**EXERCISE:** Where a picture appears, leave it out, and print the rest of the records as they are.

Dataset entries
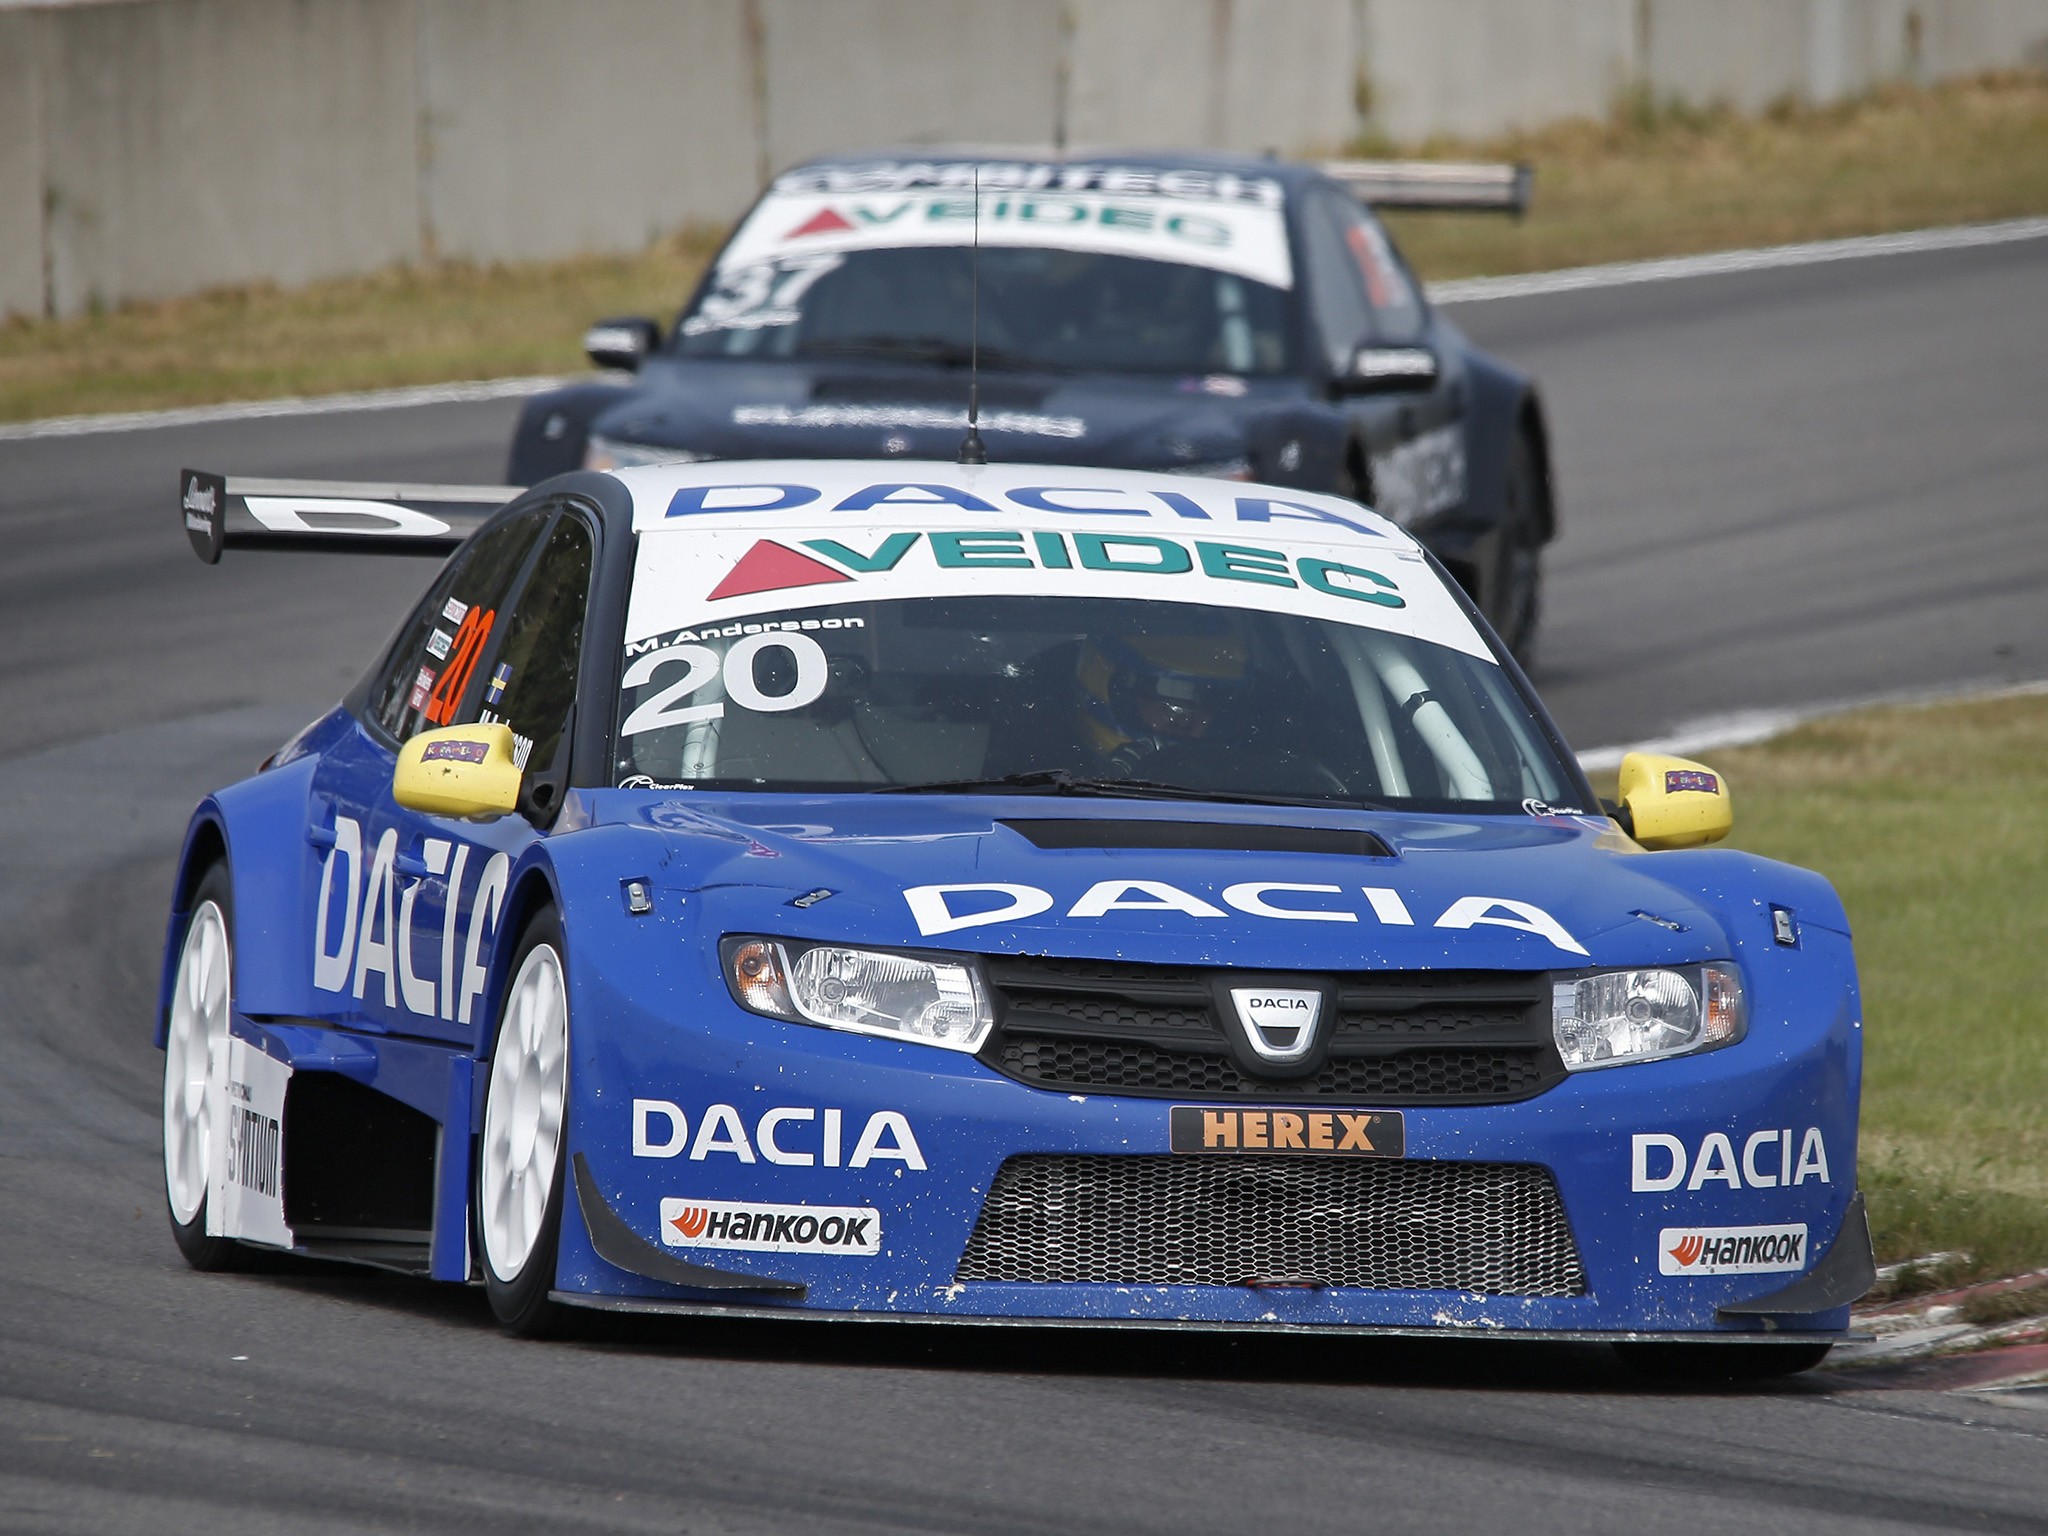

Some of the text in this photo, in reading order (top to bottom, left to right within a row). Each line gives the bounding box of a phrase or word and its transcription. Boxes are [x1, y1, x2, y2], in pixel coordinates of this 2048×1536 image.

[664, 482, 1389, 538] DACIA
[800, 530, 1406, 609] VEIDEC
[424, 605, 496, 727] 20
[624, 617, 865, 657] M.Andersson
[621, 631, 828, 738] 20
[314, 815, 508, 1025] DACIA
[902, 879, 1591, 957] DACIA
[1250, 998, 1309, 1011] DACIA
[632, 1098, 928, 1171] DACIA
[1203, 1111, 1376, 1152] HEREX
[1631, 1127, 1831, 1192] DACIA
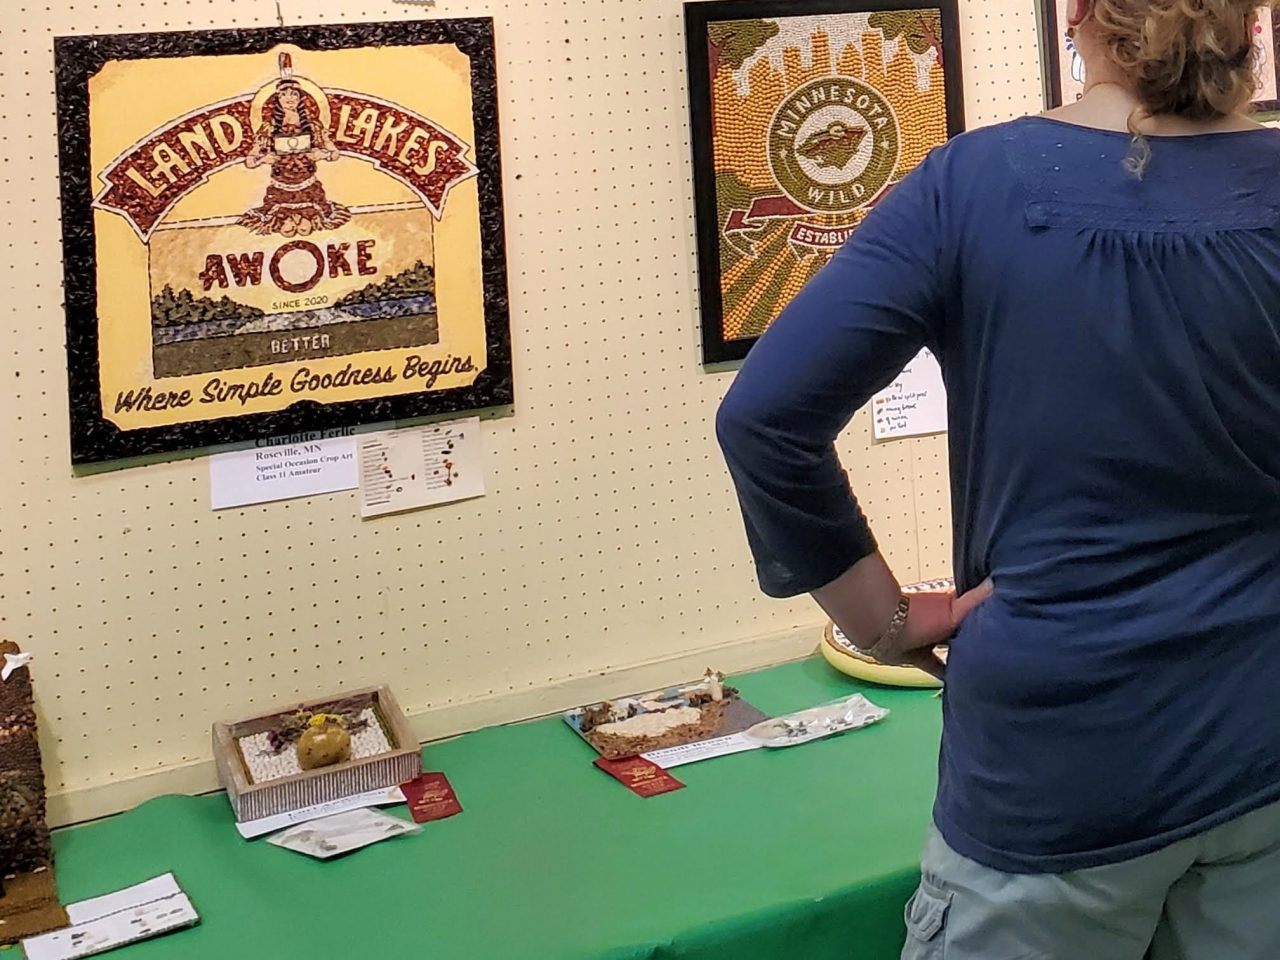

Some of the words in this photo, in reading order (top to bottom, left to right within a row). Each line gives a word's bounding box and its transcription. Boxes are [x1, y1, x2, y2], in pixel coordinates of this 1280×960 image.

[776, 87, 889, 138] MINNESOTA
[125, 114, 244, 198] LAND
[336, 103, 449, 177] LAKES
[807, 181, 867, 205] WILD
[199, 239, 378, 293] AWOKE
[271, 299, 301, 311] SINCE
[304, 294, 329, 307] 2020
[271, 334, 331, 354] BETTER
[114, 385, 192, 414] Where
[199, 372, 283, 408] Simple
[289, 365, 398, 396] Goodness
[304, 444, 322, 455] MN
[256, 462, 283, 473] Special
[284, 457, 319, 469] Occasion
[320, 454, 340, 465] Crop
[340, 453, 353, 461] Art
[256, 472, 278, 482] Class
[289, 467, 321, 478] Amateur
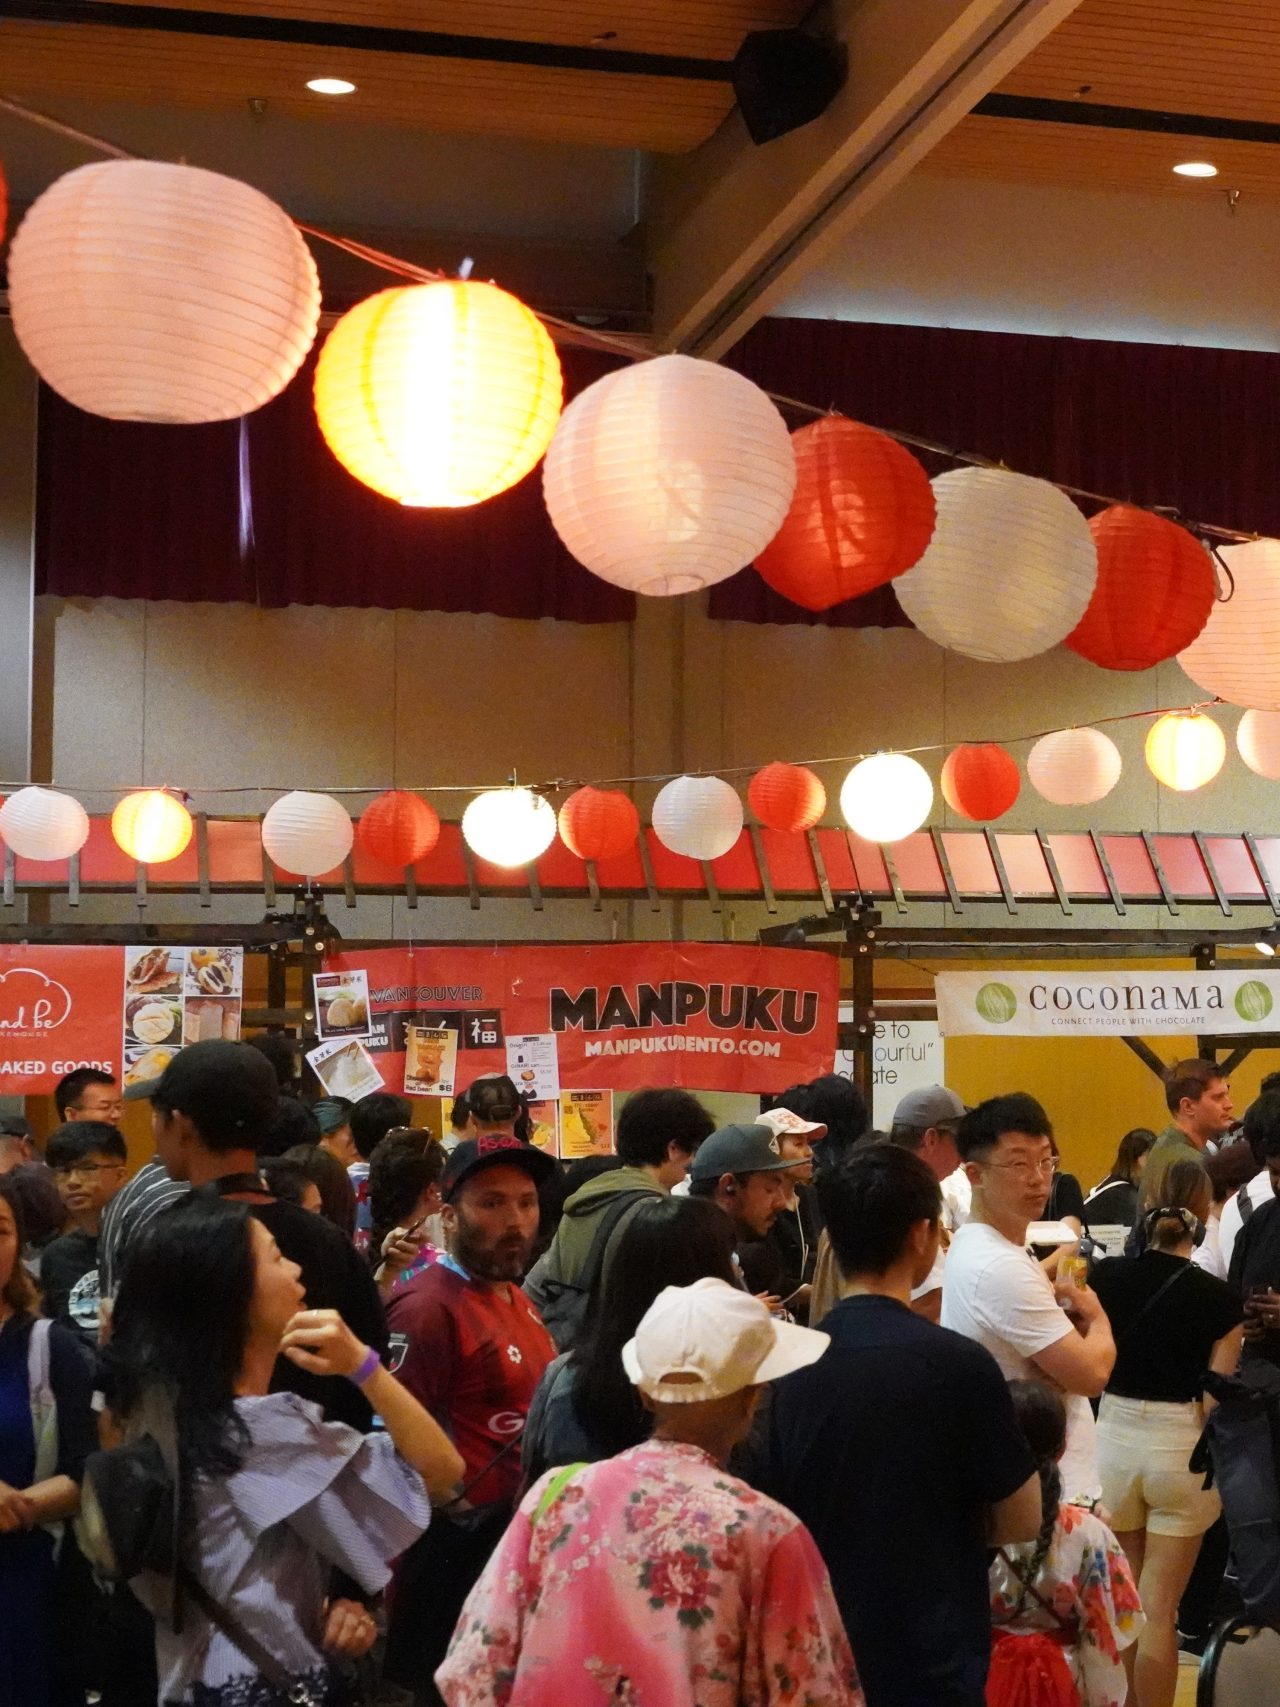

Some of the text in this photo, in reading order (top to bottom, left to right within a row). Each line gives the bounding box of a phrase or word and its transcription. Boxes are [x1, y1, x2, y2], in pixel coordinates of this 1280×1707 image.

**RESULT:**
Some of the text in this photo, in reading order (top to bottom, left to right within a row). Each line gives the bounding box of a phrase or word and its transcription. Boxes are [x1, y1, x2, y2], in pixel coordinates of this 2048×1536 image.

[664, 482, 1389, 538] DACIA
[800, 530, 1406, 609] VEIDEC
[424, 605, 496, 727] 20
[624, 617, 865, 657] M.Andersson
[621, 631, 828, 738] 20
[314, 815, 508, 1025] DACIA
[902, 879, 1591, 957] DACIA
[1250, 998, 1309, 1011] DACIA
[632, 1098, 928, 1171] DACIA
[1203, 1111, 1376, 1152] HEREX
[1631, 1127, 1831, 1192] DACIA

Some of the words in this photo, in reading order (top to bottom, left to right within a row). Each line gives a word's bounding box and its transcription. Boxes are [x1, y1, x2, y2], in pixel coordinates of this 1280×960 image.

[776, 87, 889, 138] MINNESOTA
[125, 114, 244, 198] LAND
[336, 103, 449, 177] LAKES
[807, 181, 867, 205] WILD
[199, 239, 378, 293] AWOKE
[271, 299, 301, 311] SINCE
[304, 294, 329, 307] 2020
[271, 334, 331, 354] BETTER
[114, 385, 192, 414] Where
[199, 372, 283, 408] Simple
[289, 365, 398, 396] Goodness
[304, 444, 322, 455] MN
[256, 462, 283, 473] Special
[284, 457, 319, 469] Occasion
[320, 454, 340, 465] Crop
[340, 453, 353, 461] Art
[256, 472, 278, 482] Class
[289, 467, 321, 478] Amateur

Some of the text in this photo, in reading order (top to bottom, left to right within a row). Each line gives the bounding box of a phrase or word and its transcription. Boxes are [x1, y1, x2, y2], in pixel coordinates of this 1280×1707 image.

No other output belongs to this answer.